-------- Supplied entries --------

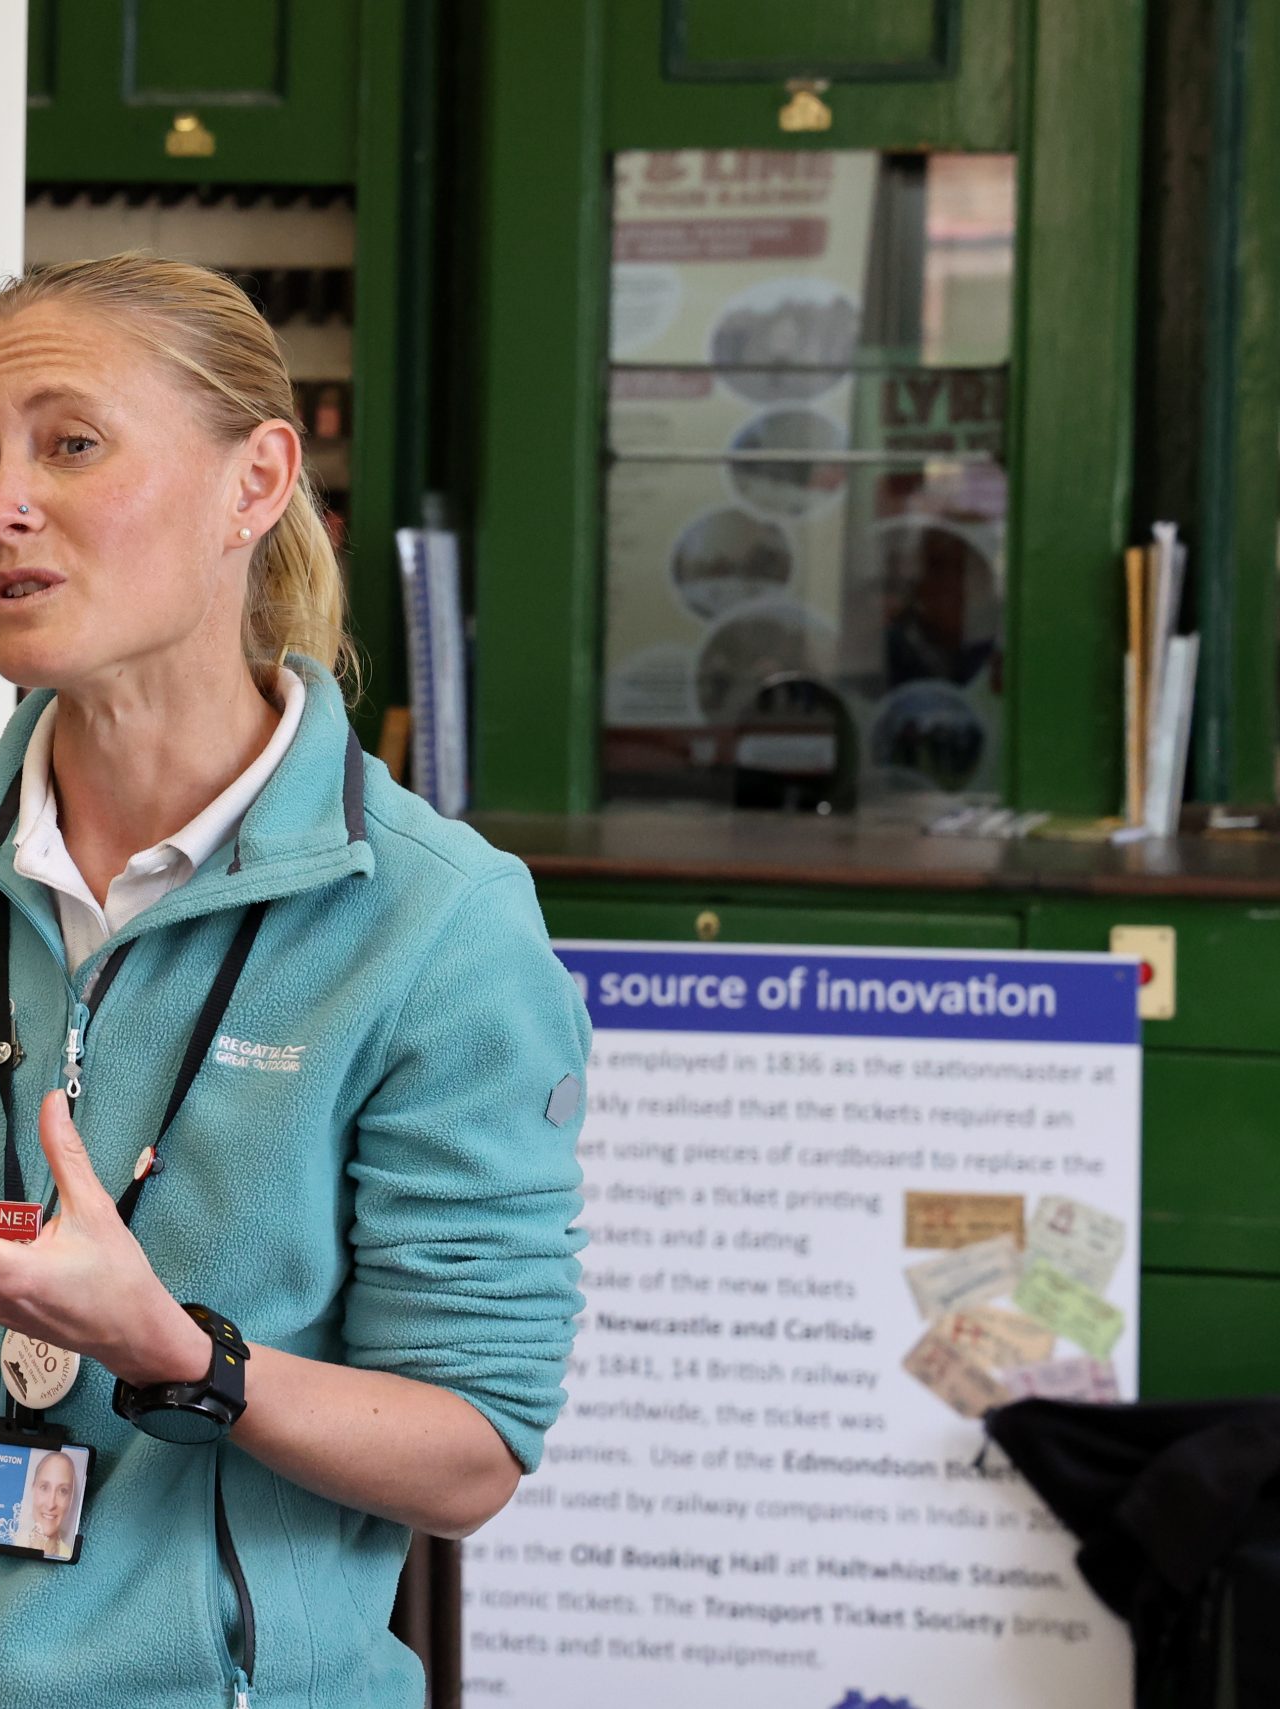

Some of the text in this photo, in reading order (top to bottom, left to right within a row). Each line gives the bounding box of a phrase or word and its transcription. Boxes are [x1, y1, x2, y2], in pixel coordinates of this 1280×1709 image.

[599, 972, 748, 1009] source
[757, 965, 808, 1010] of
[816, 967, 1056, 1018] innovation
[216, 1051, 301, 1072] GREAT OUTDOORS
[218, 1035, 281, 1059] REGATTA
[607, 1050, 729, 1074] employed
[863, 1055, 905, 1077] the
[913, 1057, 1082, 1083] stationmaster
[1091, 1064, 1115, 1085] at
[636, 1092, 733, 1118] realised
[739, 1095, 788, 1119] that
[795, 1097, 835, 1120] the
[842, 1100, 923, 1125] tickets
[928, 1104, 1037, 1131] required
[1043, 1110, 1075, 1130] an
[612, 1142, 676, 1166] using
[683, 1142, 760, 1167] pieces
[798, 1143, 924, 1170] cardboard
[963, 1154, 1055, 1176] replace
[1062, 1153, 1106, 1177] the
[605, 1180, 686, 1209] design
[712, 1182, 779, 1206] ticket
[785, 1187, 881, 1216] printing
[659, 1226, 811, 1258] and dating
[670, 1268, 711, 1293] the
[717, 1276, 768, 1294] new
[776, 1274, 856, 1299] tickets
[595, 1310, 722, 1337] Newcastle
[730, 1317, 778, 1340] and
[784, 1317, 876, 1343] Carlisle
[28, 1338, 57, 1373] 00
[707, 1357, 786, 1382] British
[791, 1363, 880, 1391] railway
[575, 1400, 711, 1426] worldwide,
[716, 1402, 757, 1425] the
[763, 1405, 831, 1429] ticket
[837, 1413, 887, 1432] was
[649, 1443, 696, 1468] Use
[702, 1443, 728, 1470] of
[735, 1445, 776, 1471] the
[782, 1450, 940, 1480] Edmondson
[562, 1486, 619, 1510] used
[625, 1489, 655, 1515] by
[661, 1494, 748, 1520] railway
[754, 1500, 889, 1523] companies
[925, 1506, 988, 1528] India
[523, 1541, 563, 1563] the
[570, 1542, 615, 1567] Old
[621, 1547, 721, 1575] Booking
[729, 1548, 779, 1574] Hall
[816, 1557, 962, 1584] Haltwhistle
[479, 1589, 549, 1611] iconic
[650, 1594, 693, 1617] The
[703, 1596, 824, 1625] Transport
[831, 1603, 906, 1629] Ticket
[912, 1608, 1004, 1637] Society
[1012, 1614, 1090, 1644] brings
[470, 1630, 823, 1670] tickets and ticket equipment.

--------

Please print each entry exactly as it stands, without the pictures.

Some of the text in this photo, in reading order (top to bottom, left to right within a row). Each line gives the bounding box of a phrase or word and its transcription. Boxes are [x1, y1, x2, y2], in pixel coordinates of this 1280×1709 image.

[599, 972, 748, 1009] source
[757, 965, 808, 1010] of
[816, 967, 1056, 1018] innovation
[216, 1051, 301, 1072] GREAT OUTDOORS
[218, 1035, 281, 1059] REGATTA
[607, 1050, 729, 1074] employed
[863, 1055, 905, 1077] the
[913, 1057, 1082, 1083] stationmaster
[1091, 1064, 1115, 1085] at
[636, 1092, 733, 1118] realised
[739, 1095, 788, 1119] that
[795, 1097, 835, 1120] the
[842, 1100, 923, 1125] tickets
[928, 1104, 1037, 1131] required
[1043, 1110, 1075, 1130] an
[612, 1142, 676, 1166] using
[683, 1142, 760, 1167] pieces
[798, 1143, 924, 1170] cardboard
[963, 1154, 1055, 1176] replace
[1062, 1153, 1106, 1177] the
[605, 1180, 686, 1209] design
[712, 1182, 779, 1206] ticket
[785, 1187, 881, 1216] printing
[659, 1226, 811, 1258] and dating
[670, 1268, 711, 1293] the
[717, 1276, 768, 1294] new
[776, 1274, 856, 1299] tickets
[595, 1310, 722, 1337] Newcastle
[730, 1317, 778, 1340] and
[784, 1317, 876, 1343] Carlisle
[28, 1338, 57, 1373] 00
[707, 1357, 786, 1382] British
[791, 1363, 880, 1391] railway
[575, 1400, 711, 1426] worldwide,
[716, 1402, 757, 1425] the
[763, 1405, 831, 1429] ticket
[837, 1413, 887, 1432] was
[649, 1443, 696, 1468] Use
[702, 1443, 728, 1470] of
[735, 1445, 776, 1471] the
[782, 1450, 940, 1480] Edmondson
[562, 1486, 619, 1510] used
[625, 1489, 655, 1515] by
[661, 1494, 748, 1520] railway
[754, 1500, 889, 1523] companies
[925, 1506, 988, 1528] India
[523, 1541, 563, 1563] the
[570, 1542, 615, 1567] Old
[621, 1547, 721, 1575] Booking
[729, 1548, 779, 1574] Hall
[816, 1557, 962, 1584] Haltwhistle
[479, 1589, 549, 1611] iconic
[650, 1594, 693, 1617] The
[703, 1596, 824, 1625] Transport
[831, 1603, 906, 1629] Ticket
[912, 1608, 1004, 1637] Society
[1012, 1614, 1090, 1644] brings
[470, 1630, 823, 1670] tickets and ticket equipment.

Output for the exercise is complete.